### [Data for this task]

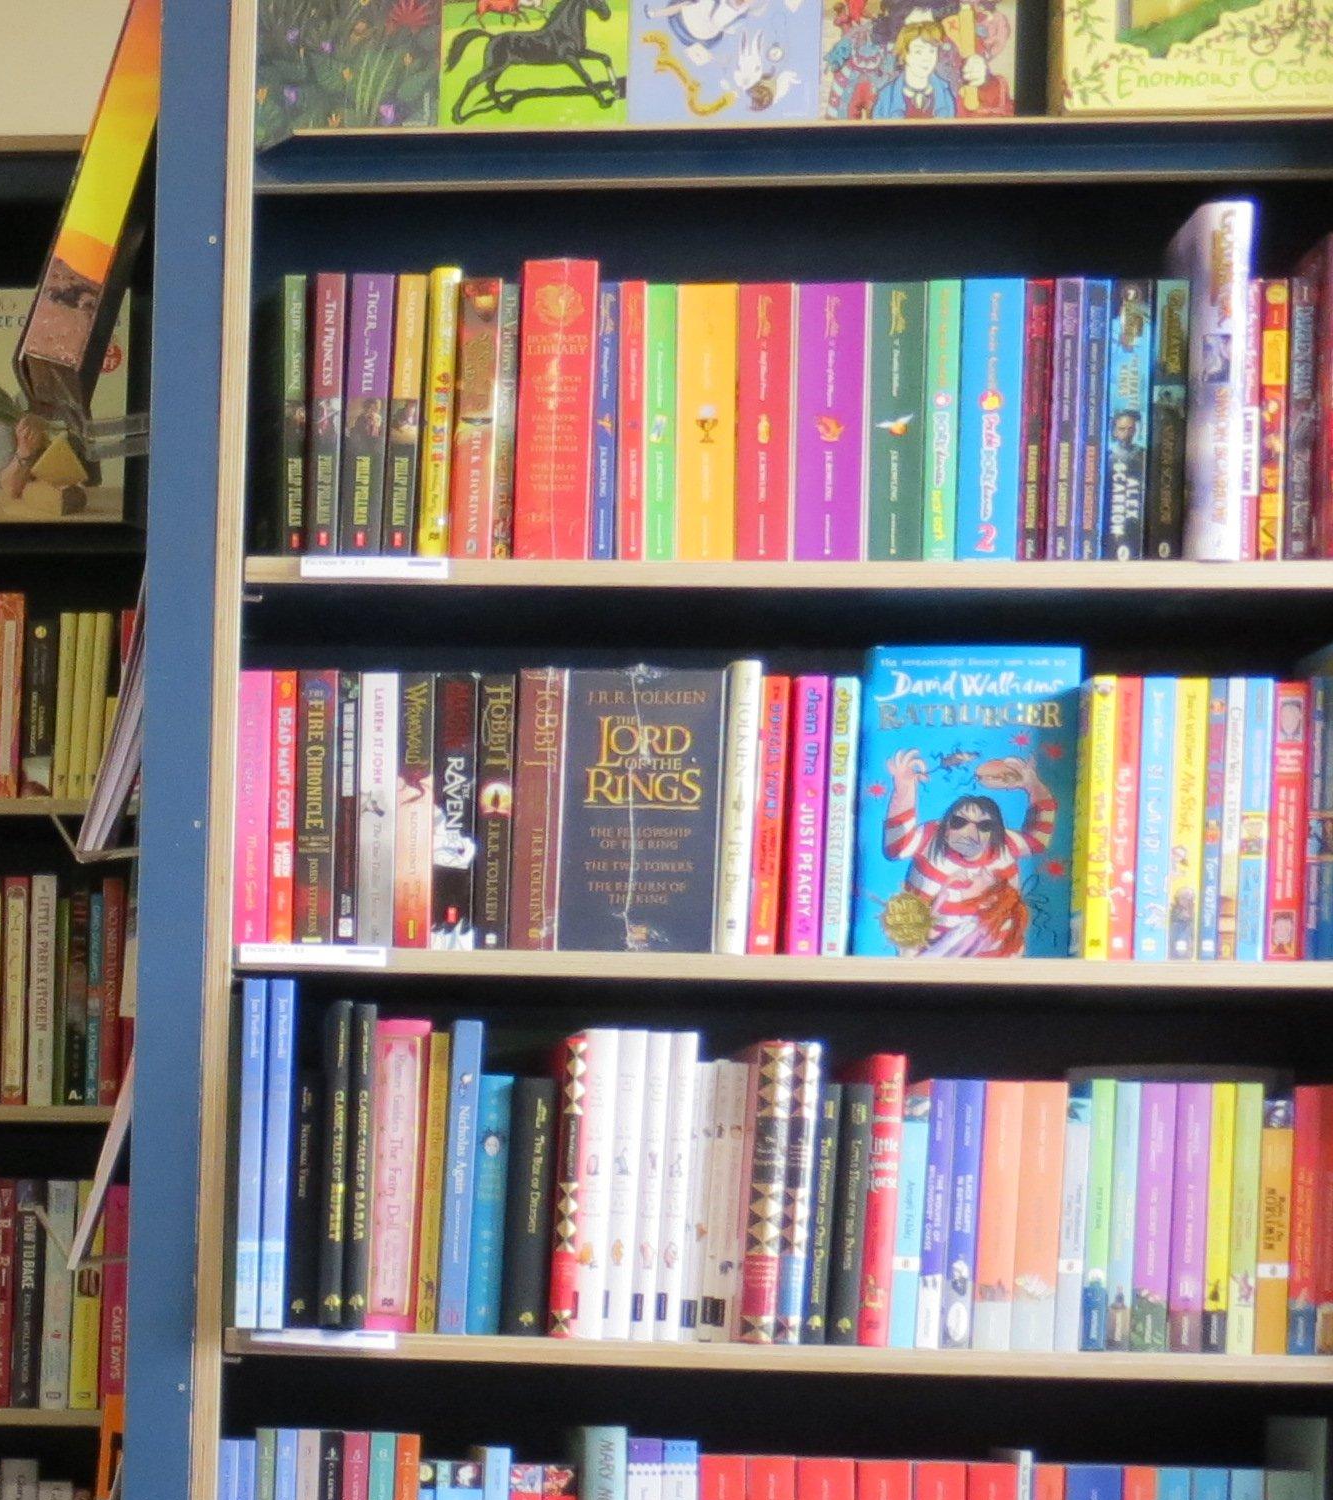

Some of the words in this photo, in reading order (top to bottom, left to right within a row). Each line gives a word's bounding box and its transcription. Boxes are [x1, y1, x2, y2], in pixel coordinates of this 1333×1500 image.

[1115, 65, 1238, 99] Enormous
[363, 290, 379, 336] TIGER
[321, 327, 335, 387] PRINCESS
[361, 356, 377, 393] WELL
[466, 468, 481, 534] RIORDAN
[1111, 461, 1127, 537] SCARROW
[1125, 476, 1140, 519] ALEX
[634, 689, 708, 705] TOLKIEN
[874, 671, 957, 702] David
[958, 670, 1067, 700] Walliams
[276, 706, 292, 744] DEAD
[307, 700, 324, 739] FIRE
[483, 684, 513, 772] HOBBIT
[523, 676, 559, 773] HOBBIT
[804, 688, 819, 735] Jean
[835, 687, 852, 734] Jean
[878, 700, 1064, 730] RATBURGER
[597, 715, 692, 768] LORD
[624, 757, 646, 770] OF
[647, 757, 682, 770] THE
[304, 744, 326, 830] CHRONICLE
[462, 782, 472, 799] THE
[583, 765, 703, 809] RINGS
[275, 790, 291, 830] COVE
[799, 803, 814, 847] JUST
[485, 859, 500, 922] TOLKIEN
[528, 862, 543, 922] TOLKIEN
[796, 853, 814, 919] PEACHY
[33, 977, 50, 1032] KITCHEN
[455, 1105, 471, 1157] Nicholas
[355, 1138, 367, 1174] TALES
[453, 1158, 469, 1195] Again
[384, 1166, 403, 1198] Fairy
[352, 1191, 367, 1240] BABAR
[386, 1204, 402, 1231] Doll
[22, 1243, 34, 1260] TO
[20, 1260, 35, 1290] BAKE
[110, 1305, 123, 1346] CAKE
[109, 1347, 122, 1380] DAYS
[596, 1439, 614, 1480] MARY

### [Work to complete]
Each line above should be returned exactly as it stands, minus any pictures.

### [Result]
Some of the words in this photo, in reading order (top to bottom, left to right within a row). Each line gives a word's bounding box and its transcription. Boxes are [x1, y1, x2, y2], in pixel coordinates of this 1333×1500 image.

[1115, 65, 1238, 99] Enormous
[363, 290, 379, 336] TIGER
[321, 327, 335, 387] PRINCESS
[361, 356, 377, 393] WELL
[466, 468, 481, 534] RIORDAN
[1111, 461, 1127, 537] SCARROW
[1125, 476, 1140, 519] ALEX
[634, 689, 708, 705] TOLKIEN
[874, 671, 957, 702] David
[958, 670, 1067, 700] Walliams
[276, 706, 292, 744] DEAD
[307, 700, 324, 739] FIRE
[483, 684, 513, 772] HOBBIT
[523, 676, 559, 773] HOBBIT
[804, 688, 819, 735] Jean
[835, 687, 852, 734] Jean
[878, 700, 1064, 730] RATBURGER
[597, 715, 692, 768] LORD
[624, 757, 646, 770] OF
[647, 757, 682, 770] THE
[304, 744, 326, 830] CHRONICLE
[462, 782, 472, 799] THE
[583, 765, 703, 809] RINGS
[275, 790, 291, 830] COVE
[799, 803, 814, 847] JUST
[485, 859, 500, 922] TOLKIEN
[528, 862, 543, 922] TOLKIEN
[796, 853, 814, 919] PEACHY
[33, 977, 50, 1032] KITCHEN
[455, 1105, 471, 1157] Nicholas
[355, 1138, 367, 1174] TALES
[453, 1158, 469, 1195] Again
[384, 1166, 403, 1198] Fairy
[352, 1191, 367, 1240] BABAR
[386, 1204, 402, 1231] Doll
[22, 1243, 34, 1260] TO
[20, 1260, 35, 1290] BAKE
[110, 1305, 123, 1346] CAKE
[109, 1347, 122, 1380] DAYS
[596, 1439, 614, 1480] MARY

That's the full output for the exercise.